Mais finalement, ma résolution vacilla, au bout de deux heures. Je m’étais rendu compte que mon comportement était ridicule. Si je souhaitais avoir des réponses, je n’y arriverais qu’avec mes amis. J’ouvris la porte, et tout le monde entra. Apparemment, ils m’avaient attendu depuis tout ce temps.
Et ainsi nous parlions de lui, avant de passer à ce qui aurait sans doute été notre dernière mission. J’avais découvert que William avait éclaté des sortes de crocodiles, les Kaïmans, planqués dans un lac d’eau stagnante, avant de se prendre un coup de pince de Skorpion.

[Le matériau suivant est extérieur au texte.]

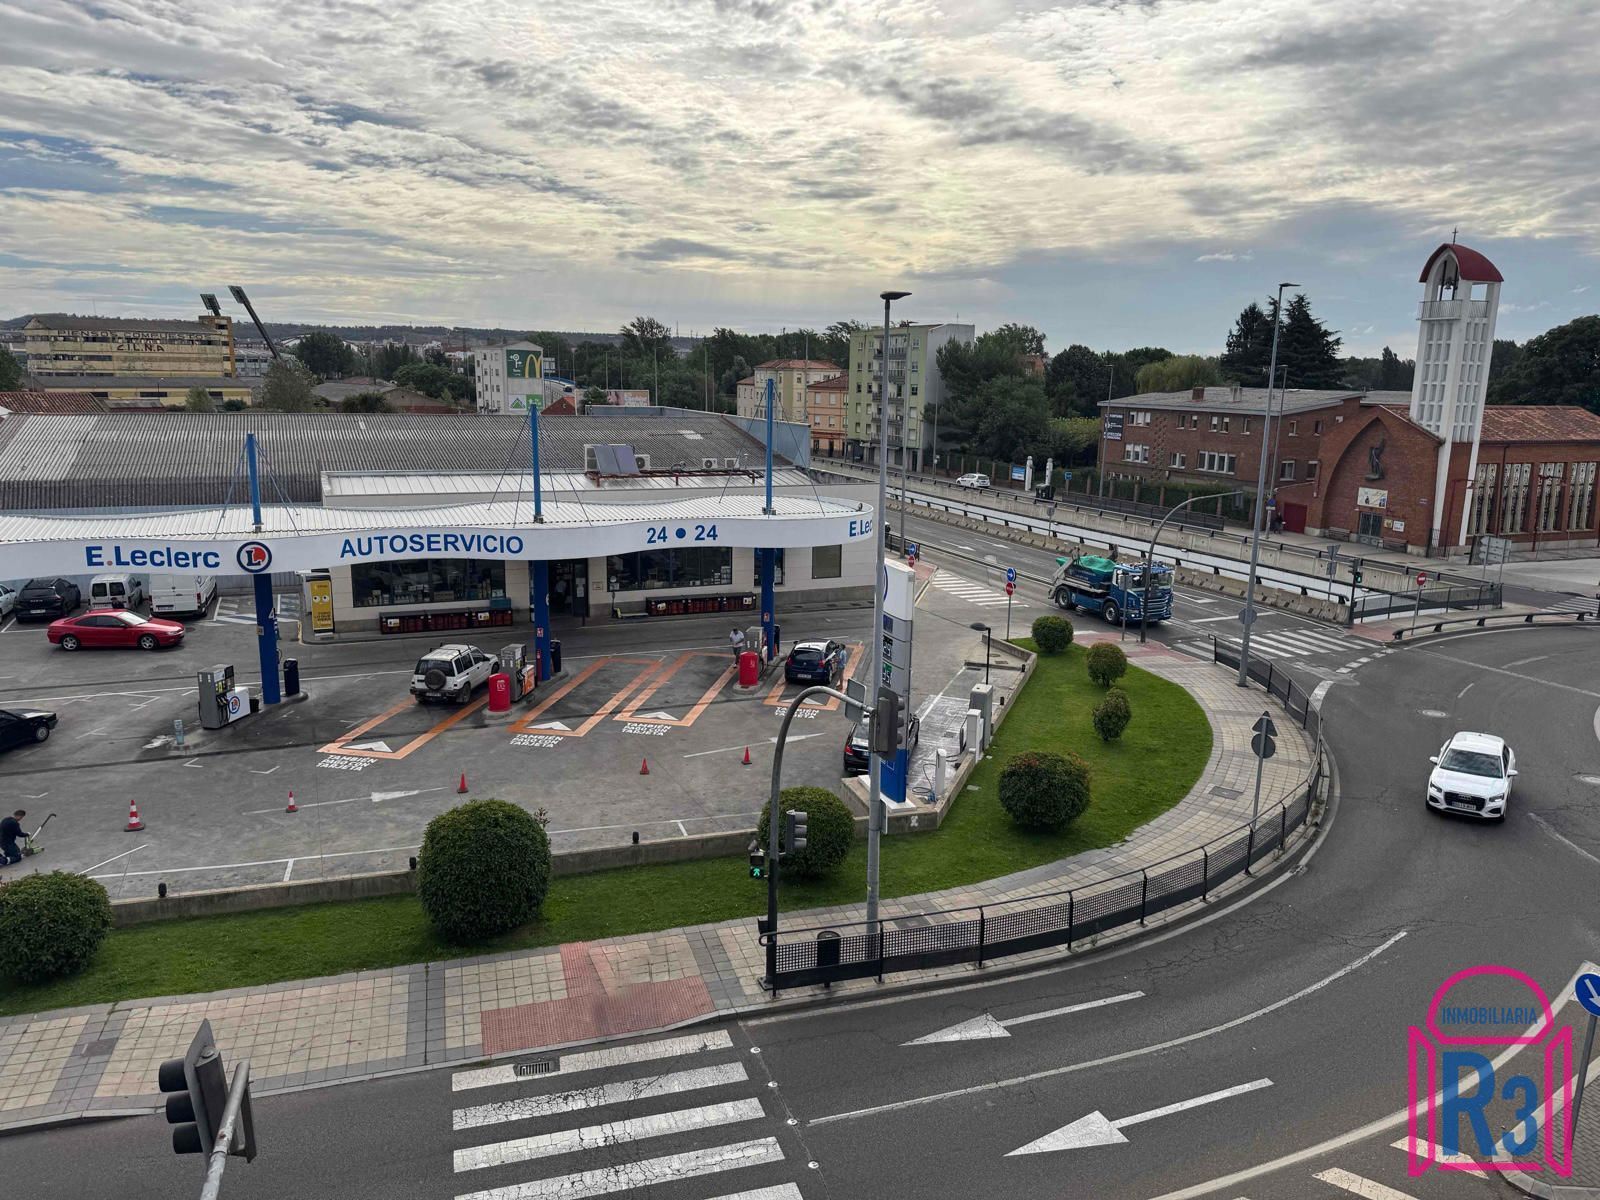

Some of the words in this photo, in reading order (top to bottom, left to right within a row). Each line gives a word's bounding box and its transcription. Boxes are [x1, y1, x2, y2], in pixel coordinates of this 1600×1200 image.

Alors qu’il avait volé sur plusieurs mètres, Odd lui tendit la main tandis que le Combattant pendait au-dessus de la Mer Numérique, et Aelita avait détruit le monstre à grands coups de champ de force. Pendant ce temps, Yumi manœuvrait le Skid vers la tour la plus proche, couverte par un Odd plutôt efficace.
Soudain, un immense fracas partit de la Mer Numérique, semblable à un hurlement, et le reste des monstres du territoire explosèrent ensemble. Ils se firent tous les quatre translater simultanément à Sydney, quand lui et moi nous dévirtualisâmes mutuellement. Au lieu de détruire le Super Calculateur hôte du Réplika Marais, ils avaient lancé un formatage des données, car sa destruction ne serait pas passée inaperçue dans l’université la plus prestigieuse d’Australie.
Simultanément, Jérémie avait réussi à mettre notre rematérialisation en suspens, nous laissant sous forme de données latentes, le temps de décrypter le virus qu’il m’avait injecté deux mois auparavant.
Au final, la mission avait été un succès, mis à part la plus grosse frayeur de toutes les vies de mes amis. Frayeur dont j’étais malheureusement la cause.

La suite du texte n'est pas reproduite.